What you are asked to do: Reproduce the records. Keep every word exact and include no images.

Data shown:
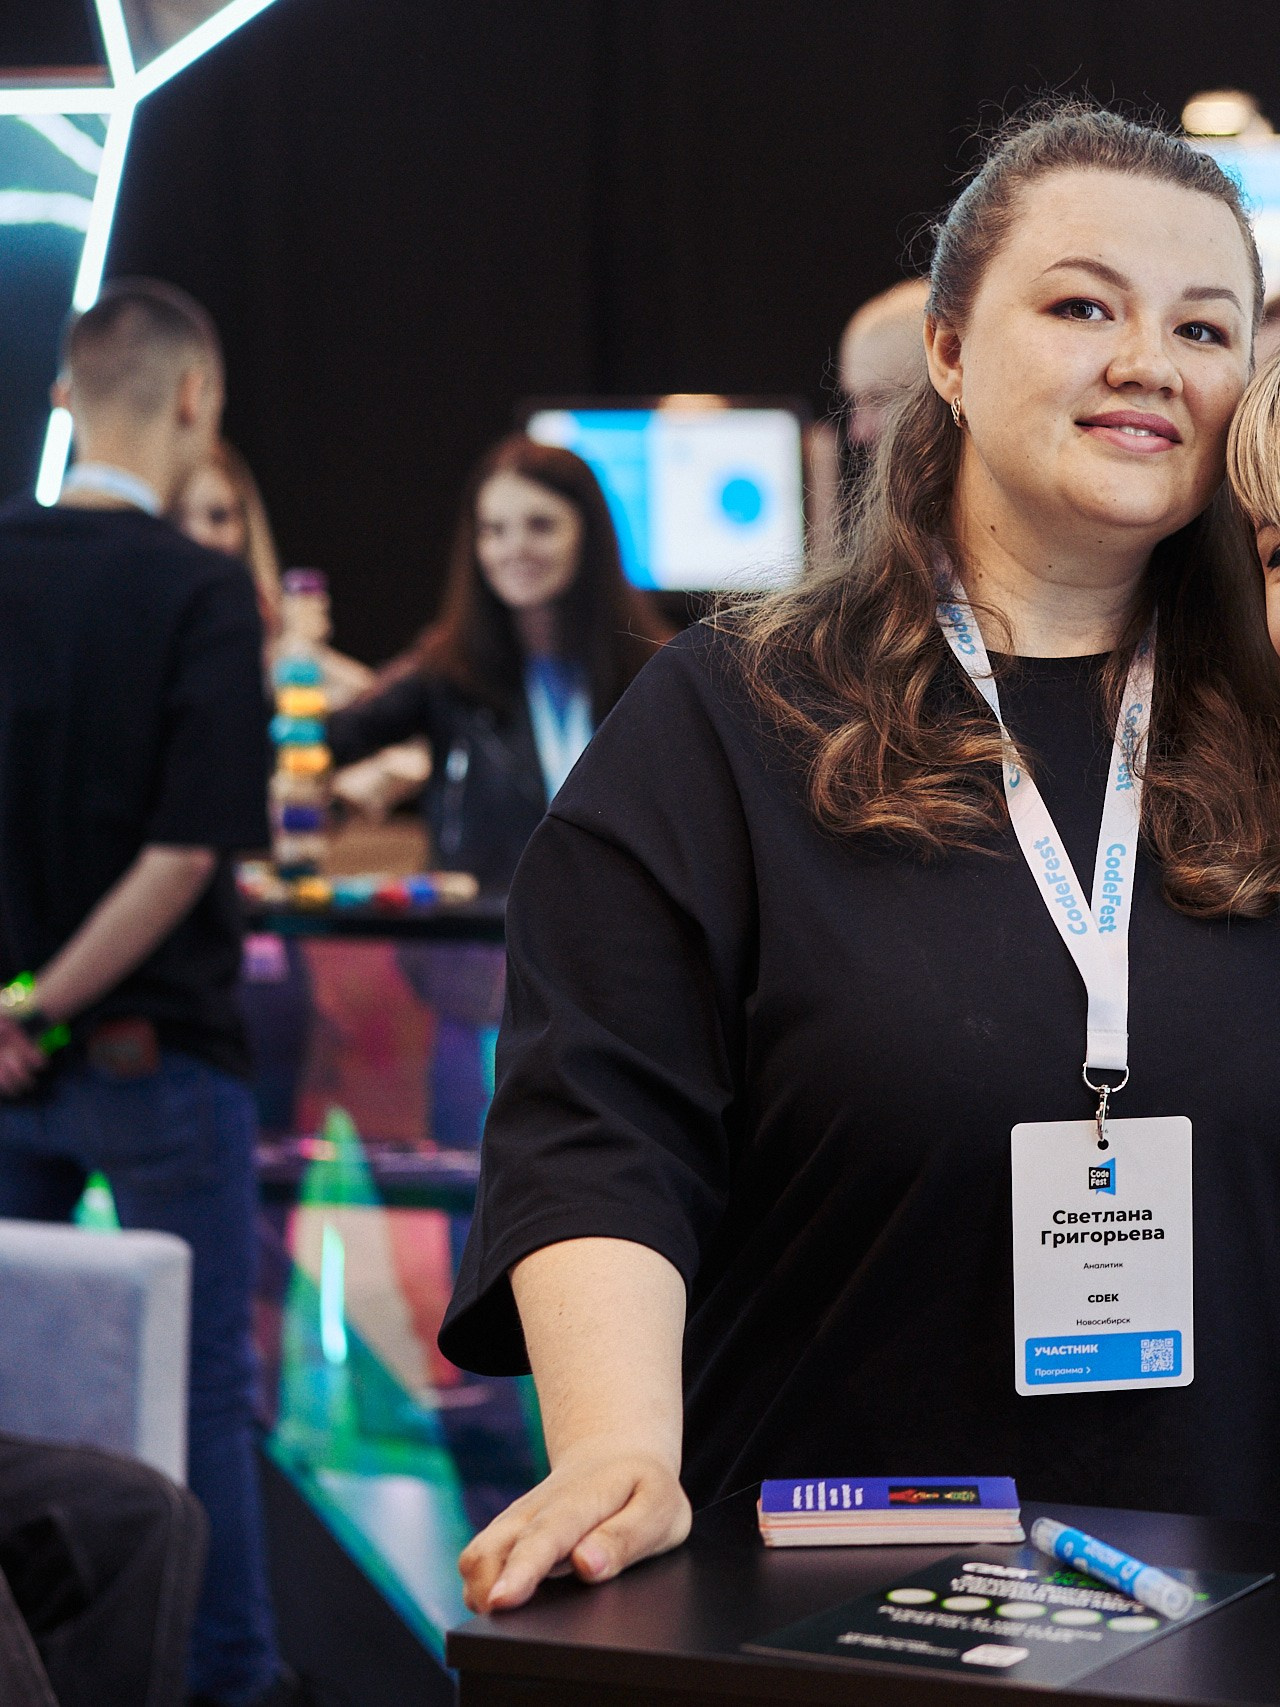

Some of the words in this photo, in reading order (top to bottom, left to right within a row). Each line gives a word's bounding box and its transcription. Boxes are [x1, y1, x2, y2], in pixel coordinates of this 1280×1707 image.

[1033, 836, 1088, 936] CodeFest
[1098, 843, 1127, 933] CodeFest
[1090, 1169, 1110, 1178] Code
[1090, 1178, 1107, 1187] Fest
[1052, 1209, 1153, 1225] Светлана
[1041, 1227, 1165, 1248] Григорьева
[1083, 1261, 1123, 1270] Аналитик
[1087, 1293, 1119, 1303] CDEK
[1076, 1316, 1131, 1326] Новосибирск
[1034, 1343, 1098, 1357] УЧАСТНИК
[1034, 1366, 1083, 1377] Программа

Task output:
Some of the words in this photo, in reading order (top to bottom, left to right within a row). Each line gives a word's bounding box and its transcription. Boxes are [x1, y1, x2, y2], in pixel coordinates of this 1280×1707 image.

[1033, 836, 1088, 936] CodeFest
[1098, 843, 1127, 933] CodeFest
[1090, 1169, 1110, 1178] Code
[1090, 1178, 1107, 1187] Fest
[1052, 1209, 1153, 1225] Светлана
[1041, 1227, 1165, 1248] Григорьева
[1083, 1261, 1123, 1270] Аналитик
[1087, 1293, 1119, 1303] CDEK
[1076, 1316, 1131, 1326] Новосибирск
[1034, 1343, 1098, 1357] УЧАСТНИК
[1034, 1366, 1083, 1377] Программа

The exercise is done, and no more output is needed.